There is a new ad for Durex condoms created by a production company called superfad. They've got some pretty awesome stuff too so check it out. On their website, there's a section where you can view the 'bloopers' of the ad as well which are kinda funny.



While on the topic of sex, I can across this video on youtube while I was trying to search for the ad on Youtube, it portrays sex in a more realistic manner compared to what is shown in movies, etc. Funny.

Monday, November 3, 2008

Sunday morning rain is falling...

I love rainy days.

I love the refreshing scent of rain.

And so it rained today, and I enjoyed it.

It also makes me feel a lot cozier when it rains. It's as if each rain droplet is a sperm. They all seem to be racing to the 'egg' and seeing who will get there first. Little do they know that such a thing as gravity exists.

By the way the lyrics to Maroon 5 - Sunday Morning are very sweet. I never realised but when I looked them up today, it made me smile. All of the lyrics are rather neat but I like this line the best,

"Clouds are shrouding us in moments unforgettable, You twist to fit the mold that I am in"
:)

But on an angrier note, I decided to transfer the photos from my camera to upload, AND WHAT DO YOU KNOW I HAD TO BE A DOUCHE AND DELETE THE WHOLE FOLDER GRRRRARARARARARAR!!!!!
I was organising a portion of the photos into a sub folder for a more convenient transfer, then after the transfer I would just delete the sub folder and repeat the same steps with the rest of the photos on my camera.. I must've pressed something really darn stupid and I deleted the main folder instead of the sub folder.. so BAM! 80% of my photos are gone forever... so I was sad. And angry. I didn't even bother to double check which folder I was deleting when it prompted me. I hate my bad habit of using Shift+Delete. BAD BAD BAD.
LUCKILY I had transferred the photos of The Vines first! Phew. If I had deleted those too I would kill myself. I guess I didn't lose anything too valuable but if they were valuable enough to be captured, then they have value to an extent.. from memory I lost the pictures of the best pie I have ever tasted and a few artistic shots of a bitten yoyo, and just random shots of random things here and there. :(

Since I don't want to end with a depressing smiley face, and since I'm actually on the topic of not wanting to end with a depressing smiley face; I was having an intriguing conversation with a workmate of mine whereby we were discussing 'argument rules'.

"Never go to bed angry"
Yay or nay? I personally prefer to sort things out just because the problem is not going to disappear after 8 hours of sleep. And how are you suppose to sleep knowing someone is upset at you? Or that you are upset at someone? It's like leaving your house but not locking your door.
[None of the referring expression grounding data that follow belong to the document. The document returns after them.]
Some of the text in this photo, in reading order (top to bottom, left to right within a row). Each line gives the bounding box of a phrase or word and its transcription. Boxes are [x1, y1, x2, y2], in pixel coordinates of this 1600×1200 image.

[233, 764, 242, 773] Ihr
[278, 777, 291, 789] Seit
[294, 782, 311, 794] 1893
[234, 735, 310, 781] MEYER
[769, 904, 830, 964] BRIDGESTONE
That was the only point we pretty much talked about before we were interupted by customers. SO, naturally I paid Google a visit when I got home and found this informative (and quite true) piece on some rules for technical arguments. Here's a paragraph that I couldn't help but agree with:

Rule one is scarily simple. You will never change anyone's mind on a matter of opinion. Someone going into an argument believing one thing, and coming out the other side not believing it is a freak occurrence ranking somewhere alongside virgin birth and victorious English sporting teams. People change their minds gradually, and if anything a prolonged argument only serves to back someone into a corner, huddling closer to the security blanket of what they believe.
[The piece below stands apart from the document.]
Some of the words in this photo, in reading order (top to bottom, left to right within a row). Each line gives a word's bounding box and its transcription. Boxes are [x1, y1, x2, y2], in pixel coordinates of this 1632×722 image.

A few points that jumped out at me:

"..arguing is largely pointless."
Indeed. Although I am a frequent participator in arguments, both parties hardly ever come down to the same conclusion, thus, the whole argument is pretty much pointless. I enjoy arguing but I have to admit, my mind is not open enough to actually agree with you, rather, I tend to understand what you're getting at. You can call me stubborn but no, I disagree, I'm merely opinionated.

"Do not argue about politics, religion, or matters of personal taste or comparative morality."
But the best arguments are the ones about politics, religion, matters of personal taste and comparative morality! Laughing out loud in all seriousness, these arguments really do not go anywhere. I've had my fair share of such 'discussions' and it is utterly frustrating! Interesting, but frustrating. Never go down that road unless you have a few hours worth of saliva to spare.

"The ideal attitude to project during any argument is one of calm disinterest."
Nothing's worse than escalating into an emotion brawl, which of course, is even more pointless. In any case, "any emotional involvement you show is a weakness that can be exploited by your opponent", the more passionate someone is about a certain subject, the harder they will fight for the flag. When that happens, you already have an advantage as they are getting worked up and you're not. You're points will be seen as more reasoned and not driven by emotional bias. However, you will never be able to convince these types of people to agree with you. They will never surrender but you will to walk away with the greater grace.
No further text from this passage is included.